Bank of England faces renewed calls to step up climate crisis action

BankingInflation3 months ago164 Views

The Bank of England is under mounting pressure from environmental groups to ramp up its response to the climate crisis, as campaigners mark ten years since Mark Carney’s landmark speech warning of the risks posed by short term policy horizons. Carney, who served as the Bank’s governor in 2015 and is now prime minister of Canada, cautioned that climate change represents a looming threat to the financial system and economic prosperity, with the window for decisive action narrowing each year.

Ten years on, organisations including Greenpeace, WWF, the New Economics Foundation, and Positive Money have signed a new briefing that urges the Bank to take more robust steps. The coalition is calling for a comprehensive review of monetary policy, emphasising the growing frequency of climate related shocks that feed through to inflation, most recently observed in rising food prices triggered by extreme weather events. These groups argue that the Bank’s traditional approach, focused on raising interest rates to counter inflation, risks making the necessary transition away from fossil fuels costlier by increasing the cost of public investment.
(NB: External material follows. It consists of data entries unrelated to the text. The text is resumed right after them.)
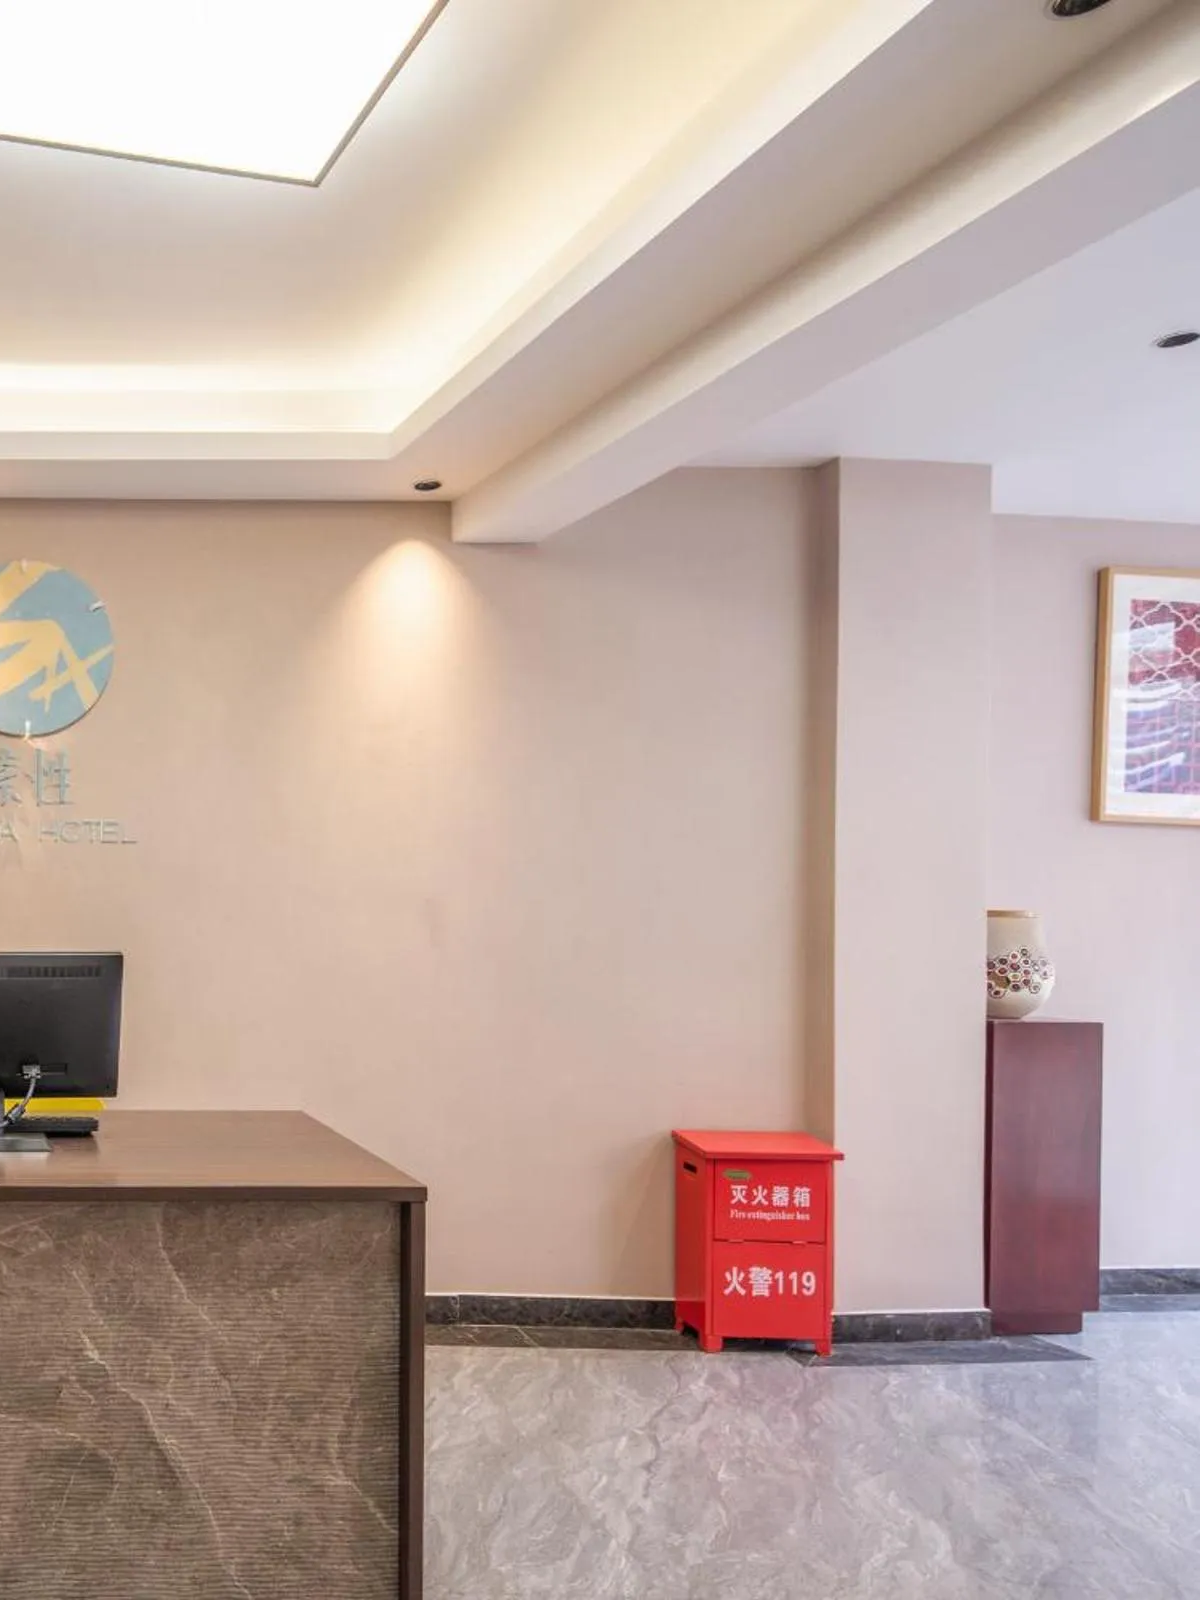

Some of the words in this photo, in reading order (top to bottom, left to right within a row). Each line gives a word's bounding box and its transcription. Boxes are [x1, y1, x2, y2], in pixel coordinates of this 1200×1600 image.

[39, 820, 138, 844] HOTEL
[730, 1185, 811, 1207] 灭火器箱
[730, 1209, 746, 1218] Fire
[796, 1211, 810, 1220] box
[723, 1267, 816, 1297] 火警119
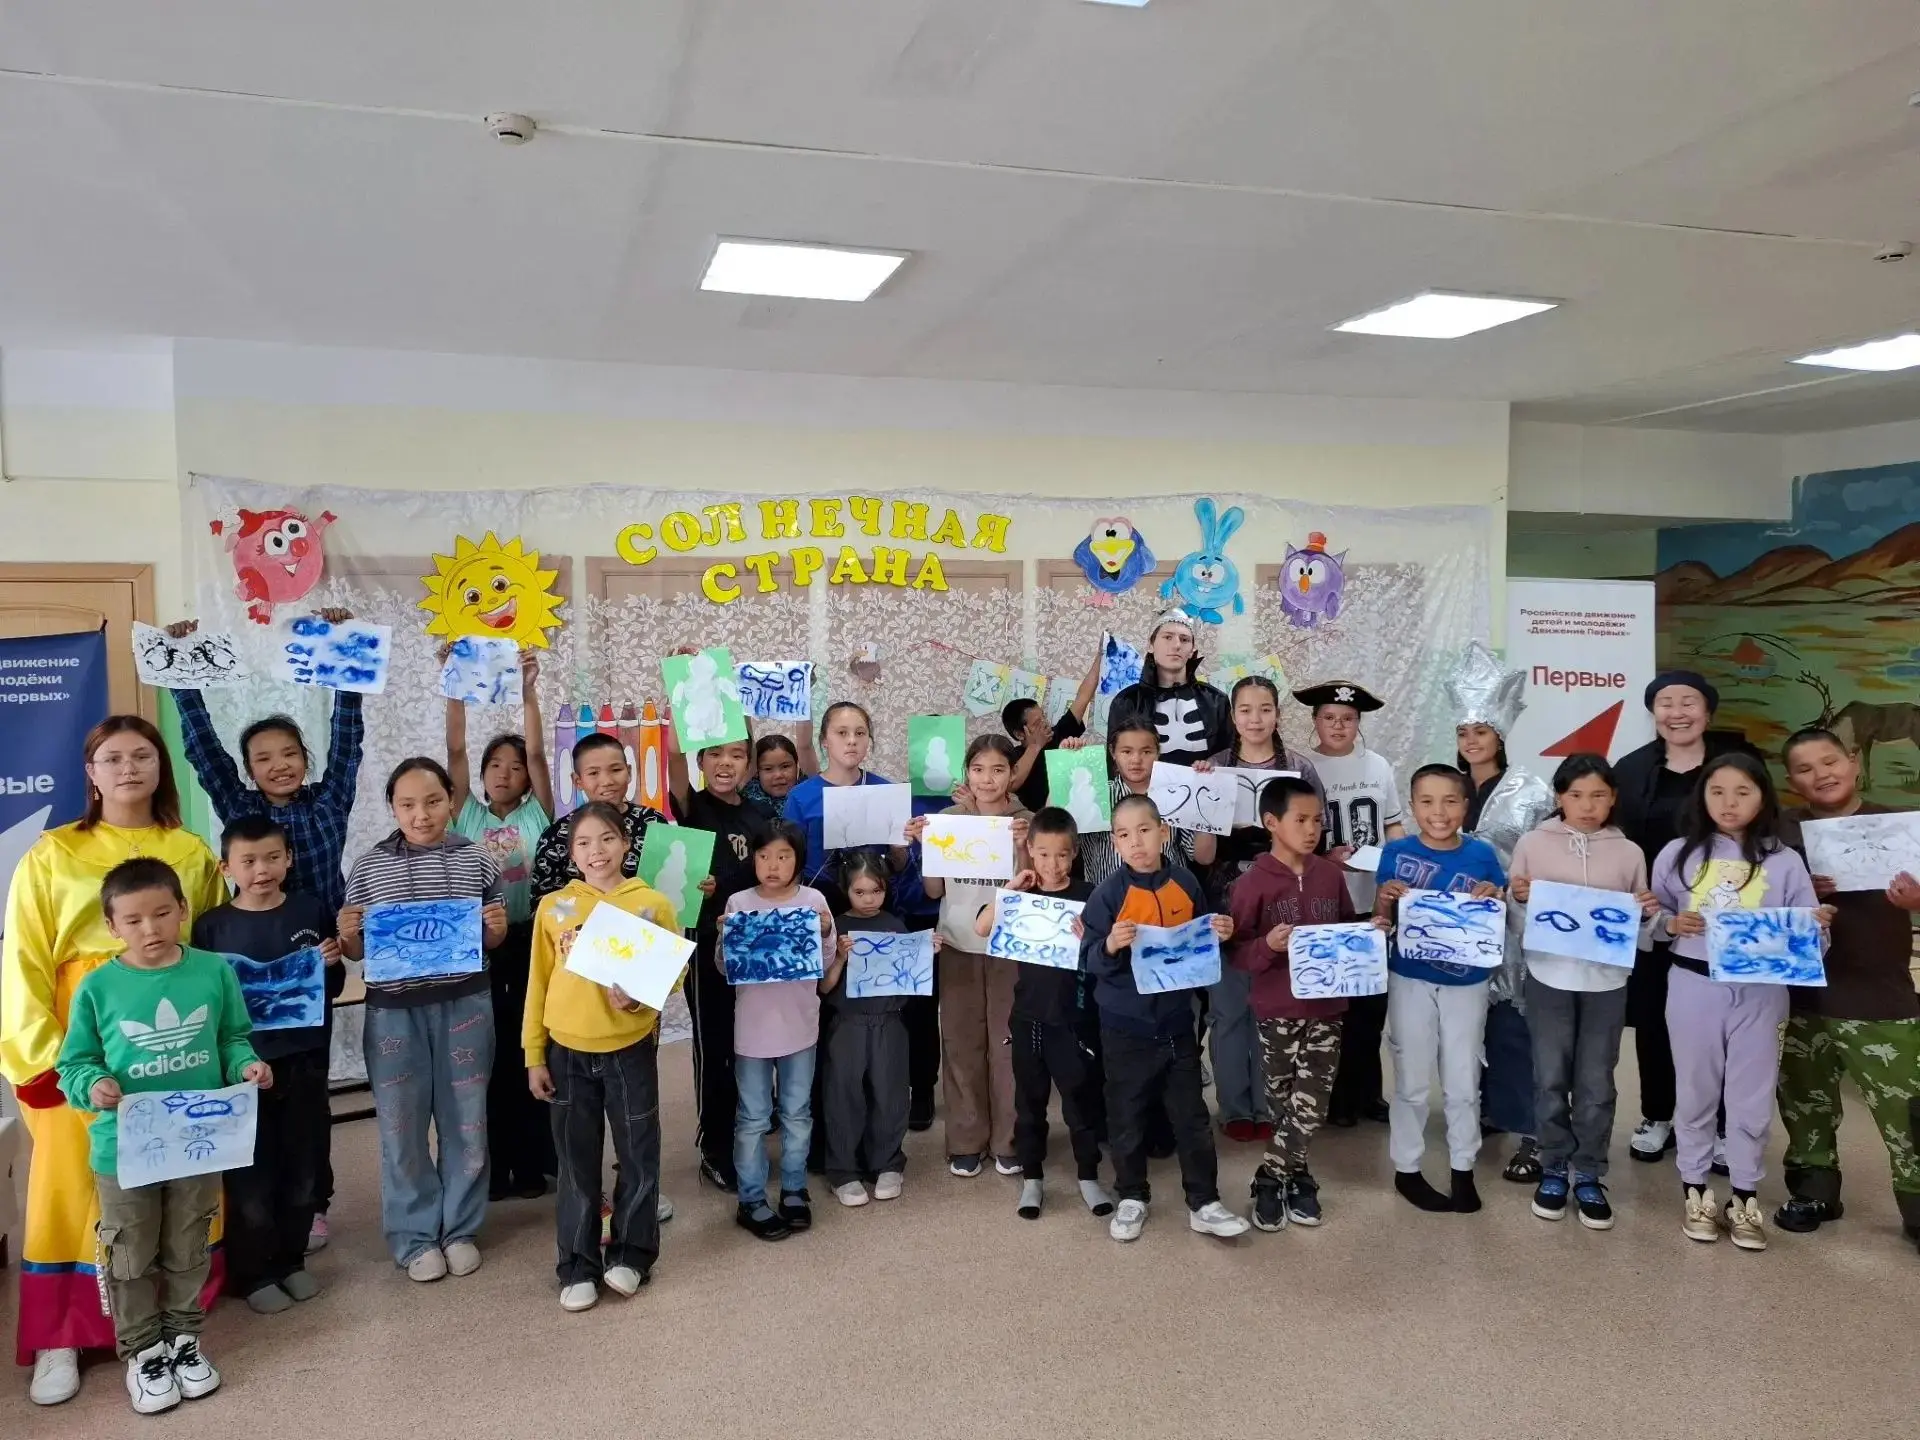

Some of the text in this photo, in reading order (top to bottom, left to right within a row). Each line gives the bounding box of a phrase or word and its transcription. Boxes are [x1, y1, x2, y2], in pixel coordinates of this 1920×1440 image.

[615, 496, 1012, 565] СОЛНЕЧНАЯ
[701, 545, 950, 604] СТРАНА
[1520, 608, 1636, 619] Российское движение
[1531, 618, 1563, 626] детей
[1533, 665, 1626, 692] Первые
[127, 1049, 210, 1080] adidas
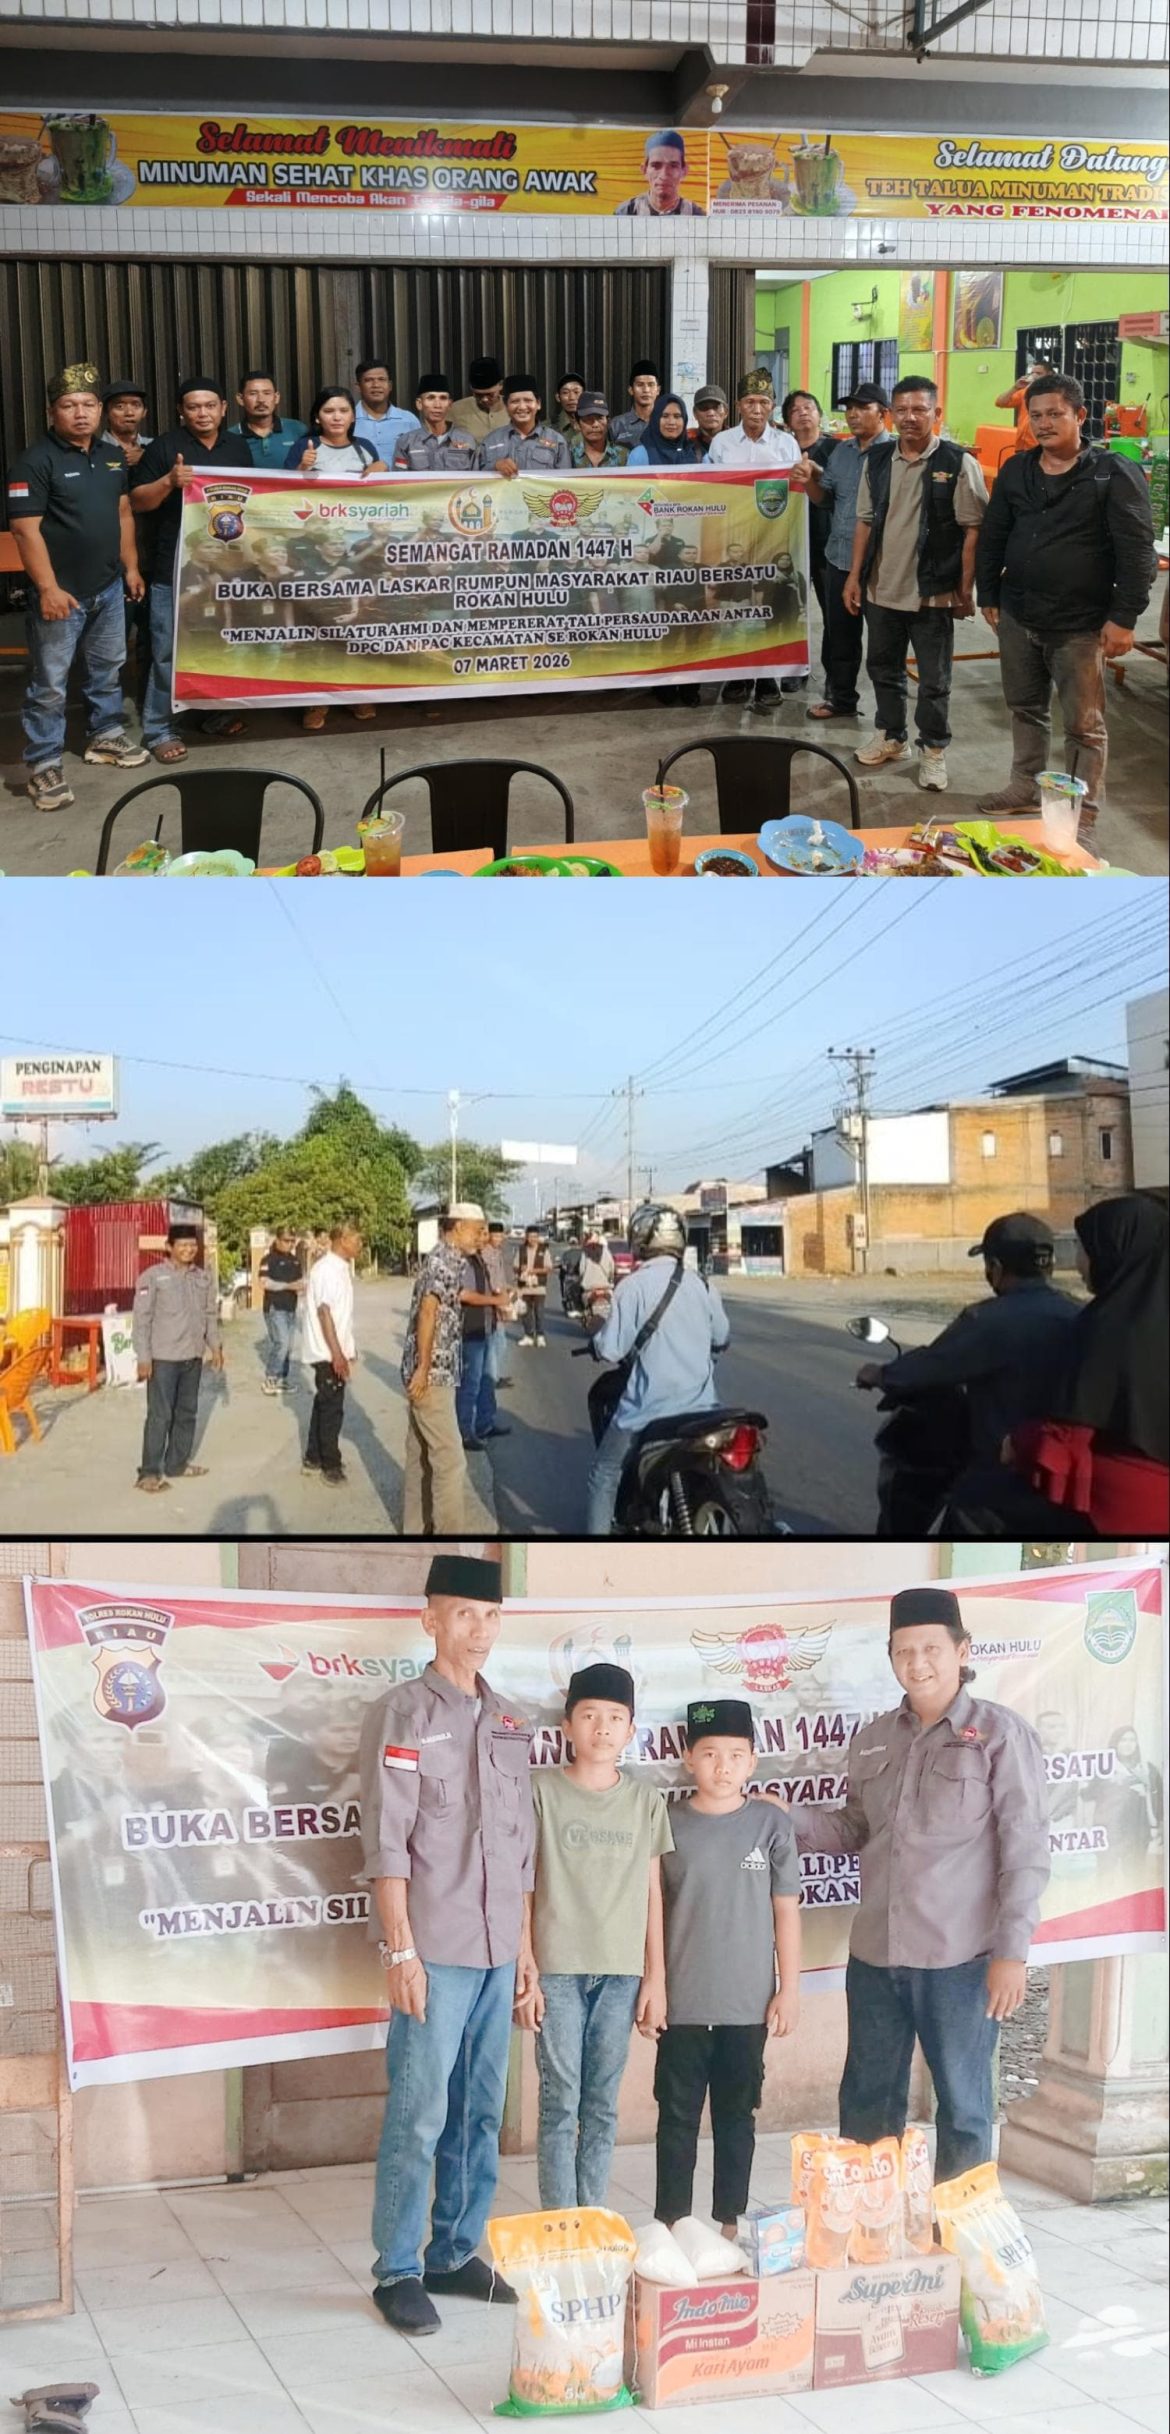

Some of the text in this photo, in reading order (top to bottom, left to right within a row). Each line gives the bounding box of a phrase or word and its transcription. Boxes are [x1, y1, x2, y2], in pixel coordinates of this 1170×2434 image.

[198, 121, 517, 160] Selamat Menikmati
[934, 140, 1167, 182] Selamat Datang
[138, 160, 596, 193] MINUMAN SEHAT KHAS ORANG AWAK
[246, 191, 291, 203] Sekali
[296, 192, 364, 205] Mencoba
[370, 194, 406, 205] Akan
[865, 179, 912, 198] TEH
[914, 179, 989, 199] TALUA
[990, 181, 1095, 201] MINUMAN
[925, 203, 1004, 217] YANG
[319, 503, 409, 520] brksyariah
[676, 505, 704, 513] ROKAN
[705, 504, 727, 512] HULU
[386, 539, 633, 564] SEMANGAT RAMADAN 1447 H
[217, 565, 776, 599] BUKA BERSAMA LASKAR RUMPUN MASYARAKAT RIAU BERSATU
[455, 591, 569, 609] ROKAN HULU
[223, 606, 772, 643] "MENJALIN SILATURAHMI DAN MEMPERERAT TALI PERSAUDARAAN ANTAR
[348, 627, 669, 654] DPC DAN PAC KECAMATAN SE ROKAN HULU"
[453, 653, 570, 674] 07 MARET 2026
[15, 1060, 101, 1076] PENGINAPAN
[22, 1078, 93, 1096] RESTU
[970, 1639, 1041, 1656] OKAN HULU
[126, 1805, 361, 1846] BUKA BERSA
[1048, 1829, 1106, 1853] NTAR
[551, 2293, 621, 2324] SPHP
[685, 2337, 731, 2351] Mi Instan
[691, 2357, 770, 2378] Kari Ayam
The recent inflationary crisis, described as the worst in four decades, was largely caused by fossil fuel price spikes and supply chain disruptions. The briefing contends that the Bank’s standard policy tools are ill equipped to cope with such climate driven shocks. Some economists have even suggested that central banks might need to tolerate higher inflation temporarily or consider building up strategic reserves of staple foods to buffer against future price surges.

Current monetary policy acknowledges the risks. Following a recent quarter point interest rate cut to 4 percent, the Bank’s latest report noted the potential for extreme weather to drive up food prices, presenting an ongoing upside risk to inflation. A Bank spokesperson has maintained that while government sets climate policy, addressing climate related threats remains integral to its remit, and the institution is working accordingly.

The environmental coalition is also urging the Bank to factor climate risks into banking capital requirements and to reconsider accepting fossil fuel linked assets as collateral in lending operations—a move recently announced by the European Central Bank as it began reflecting climate uncertainties in its asset valuations.

Political shifts could shape the Bank’s future stance. The Labour Party, in its latest manifesto, has pledged to reverse previous restrictions preventing the Bank from actively incorporating climate risks within its mandate. Bank governor Andrew Bailey has recently assured the chancellor that the Prudential Regulation Authority would continue to scrutinise how climate change could affect financial stability.

Carney’s legacy, while debated, remains influential. Since entering office in Ottawa, he has reversed Canada’s carbon tax and supported increased gas production, despite his previous advocacy for decisive climate action. The coming months are likely to be pivotal as pressure builds on the Bank of England to take bolder, more innovative action in ensuring financial resilience in the face of accelerating climate risks.